Action item – An exact copy of every entry is the required answer.

Data provided –
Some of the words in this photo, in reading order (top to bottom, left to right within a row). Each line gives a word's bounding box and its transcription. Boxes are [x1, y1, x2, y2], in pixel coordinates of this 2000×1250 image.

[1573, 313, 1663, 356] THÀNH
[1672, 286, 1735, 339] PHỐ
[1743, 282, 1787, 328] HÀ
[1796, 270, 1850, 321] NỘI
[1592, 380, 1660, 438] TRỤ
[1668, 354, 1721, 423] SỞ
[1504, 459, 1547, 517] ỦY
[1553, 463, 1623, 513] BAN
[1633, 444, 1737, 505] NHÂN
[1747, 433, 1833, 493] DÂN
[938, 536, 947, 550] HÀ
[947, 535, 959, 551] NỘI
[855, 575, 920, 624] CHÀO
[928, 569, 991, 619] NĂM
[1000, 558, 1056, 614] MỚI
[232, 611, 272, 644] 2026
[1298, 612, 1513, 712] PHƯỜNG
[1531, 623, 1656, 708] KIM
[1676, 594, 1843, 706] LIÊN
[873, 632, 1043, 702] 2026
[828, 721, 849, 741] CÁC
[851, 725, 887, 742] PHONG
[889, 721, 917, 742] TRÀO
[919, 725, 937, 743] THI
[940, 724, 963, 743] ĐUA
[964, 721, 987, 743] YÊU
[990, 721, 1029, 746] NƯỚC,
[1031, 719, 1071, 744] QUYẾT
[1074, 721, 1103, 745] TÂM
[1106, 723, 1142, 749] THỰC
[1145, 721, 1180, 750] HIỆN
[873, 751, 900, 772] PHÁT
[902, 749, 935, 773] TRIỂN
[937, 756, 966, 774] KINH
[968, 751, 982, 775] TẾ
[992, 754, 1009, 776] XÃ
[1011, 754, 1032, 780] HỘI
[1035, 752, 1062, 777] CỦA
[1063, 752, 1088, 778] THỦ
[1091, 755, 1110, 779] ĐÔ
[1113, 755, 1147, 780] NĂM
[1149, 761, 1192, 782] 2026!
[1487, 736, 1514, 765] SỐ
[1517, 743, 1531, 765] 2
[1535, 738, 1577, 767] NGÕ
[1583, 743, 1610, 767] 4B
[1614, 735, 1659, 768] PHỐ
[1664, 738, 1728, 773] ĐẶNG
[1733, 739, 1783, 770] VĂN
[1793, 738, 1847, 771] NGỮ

Reply to the task –
Some of the words in this photo, in reading order (top to bottom, left to right within a row). Each line gives a word's bounding box and its transcription. Boxes are [x1, y1, x2, y2], in pixel coordinates of this 2000×1250 image.

[1573, 313, 1663, 356] THÀNH
[1672, 286, 1735, 339] PHỐ
[1743, 282, 1787, 328] HÀ
[1796, 270, 1850, 321] NỘI
[1592, 380, 1660, 438] TRỤ
[1668, 354, 1721, 423] SỞ
[1504, 459, 1547, 517] ỦY
[1553, 463, 1623, 513] BAN
[1633, 444, 1737, 505] NHÂN
[1747, 433, 1833, 493] DÂN
[938, 536, 947, 550] HÀ
[947, 535, 959, 551] NỘI
[855, 575, 920, 624] CHÀO
[928, 569, 991, 619] NĂM
[1000, 558, 1056, 614] MỚI
[232, 611, 272, 644] 2026
[1298, 612, 1513, 712] PHƯỜNG
[1531, 623, 1656, 708] KIM
[1676, 594, 1843, 706] LIÊN
[873, 632, 1043, 702] 2026
[828, 721, 849, 741] CÁC
[851, 725, 887, 742] PHONG
[889, 721, 917, 742] TRÀO
[919, 725, 937, 743] THI
[940, 724, 963, 743] ĐUA
[964, 721, 987, 743] YÊU
[990, 721, 1029, 746] NƯỚC,
[1031, 719, 1071, 744] QUYẾT
[1074, 721, 1103, 745] TÂM
[1106, 723, 1142, 749] THỰC
[1145, 721, 1180, 750] HIỆN
[873, 751, 900, 772] PHÁT
[902, 749, 935, 773] TRIỂN
[937, 756, 966, 774] KINH
[968, 751, 982, 775] TẾ
[992, 754, 1009, 776] XÃ
[1011, 754, 1032, 780] HỘI
[1035, 752, 1062, 777] CỦA
[1063, 752, 1088, 778] THỦ
[1091, 755, 1110, 779] ĐÔ
[1113, 755, 1147, 780] NĂM
[1149, 761, 1192, 782] 2026!
[1487, 736, 1514, 765] SỐ
[1517, 743, 1531, 765] 2
[1535, 738, 1577, 767] NGÕ
[1583, 743, 1610, 767] 4B
[1614, 735, 1659, 768] PHỐ
[1664, 738, 1728, 773] ĐẶNG
[1733, 739, 1783, 770] VĂN
[1793, 738, 1847, 771] NGỮ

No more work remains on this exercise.